NEW BERN — Tim Hergenrader's petition that could push shrimp trawls out of coastal waters has no support from either the N.C. Division of Marine Fisheries or the Marine Fisheries Commission's advisory committees.
Fishermen showed their opposition on Tuesday as well, with nearly two dozen fish captains anchoring their commercial vessels in the Neuse River in protest and more than 600 people attending a public hearing on the petition at the New Bern Riverfront Convention Center.
After that hearing, the MFC advisory committees for Habitat and Water Quality, Finfish, Sea Turtles and Shellfish/Crustaceans all passed motions recommending the MFC deny Mr. Hergenrader's petition. Each committee voted separately to recommend rejecting the petition, with one dissenting vote from the shellfish committee and one abstention from the sea turtle committee.
The petition will now go to the MFC, along with the advisory committee recommendations to deny it, at the commission's Aug. 28-30 meeting in Raleigh.
Dr. Louis Daniel, director of the N.C. Division of Marine Fisheries – the state agency that enforces regulations created by the MFC — said not only did the petition lack the data to back it up, but taking the action it requests would leave out important scientific studies from the rulemaking process.

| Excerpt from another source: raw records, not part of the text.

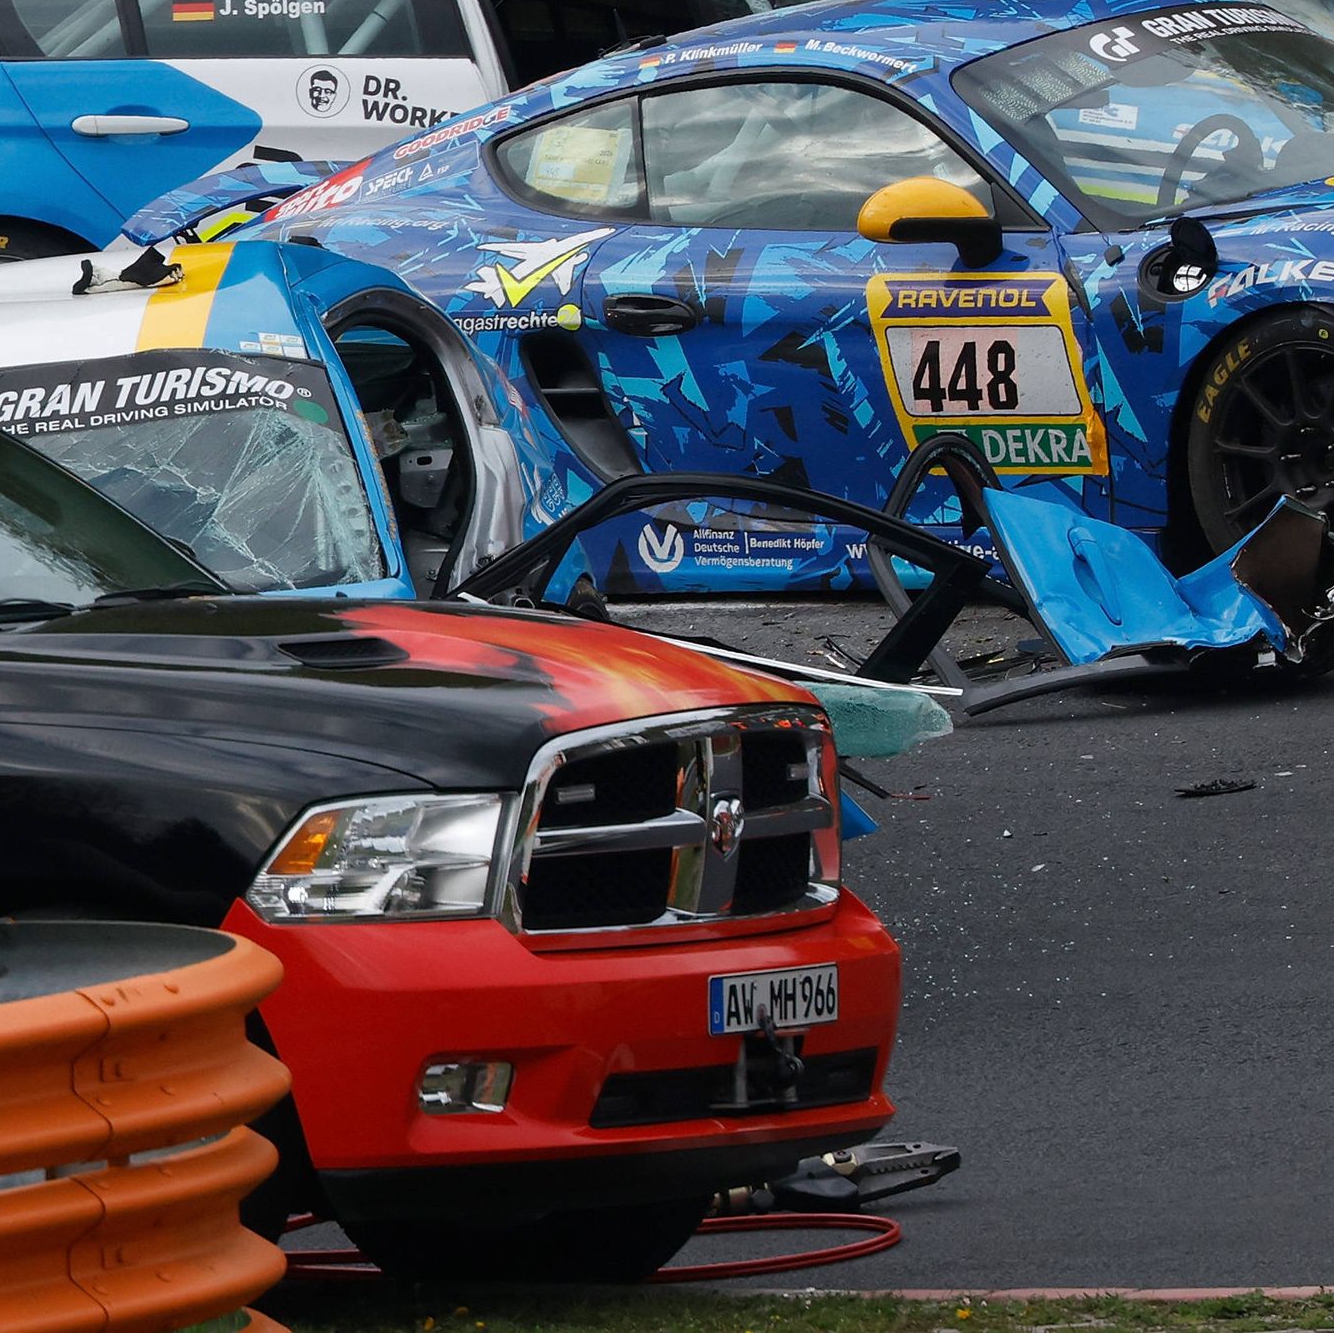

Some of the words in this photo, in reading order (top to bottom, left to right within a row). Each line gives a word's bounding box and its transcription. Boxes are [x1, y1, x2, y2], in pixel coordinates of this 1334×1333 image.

[219, 0, 239, 16] J.
[1141, 9, 1216, 38] GRAN
[1170, 35, 1191, 46] THE
[1190, 30, 1222, 43] REAL
[664, 52, 677, 64] P.
[679, 41, 763, 63] Klinkmüller
[362, 74, 408, 101] DR.
[393, 105, 511, 160] GOODRIDGE
[897, 288, 1037, 309] RAVENOL
[115, 367, 295, 409] TURISMO
[913, 340, 1019, 413] 448
[1196, 338, 1253, 425] EAGLE
[35, 417, 85, 434] REAL
[90, 406, 168, 427] DRIVING
[174, 396, 288, 416] SIMULATOR
[981, 427, 1094, 464] DEKRA
[693, 529, 735, 540] Allfinanz
[750, 537, 792, 549] Benedikt
[793, 537, 825, 551] Höpfer
[694, 542, 740, 554] Deutsche
[694, 555, 794, 570] Vermögensberatung
[727, 982, 755, 1027] AW
[770, 977, 797, 1021] MH
[802, 973, 836, 1019] 966

Mr. Hergenrader, a New Bern resident who had supported the gamefish bill – a measure proposed in the state General Assembly that didn't advance to reserve three species of fish in North Carolina's waters solely for recreational anglers — filed a petition June 20. This petition proposed reclassifying most internal coastal waters as secondary nursery areas because juveniles of three finfish species – weakfish, croaker and spot – were found there being caught as bycatch in trawls.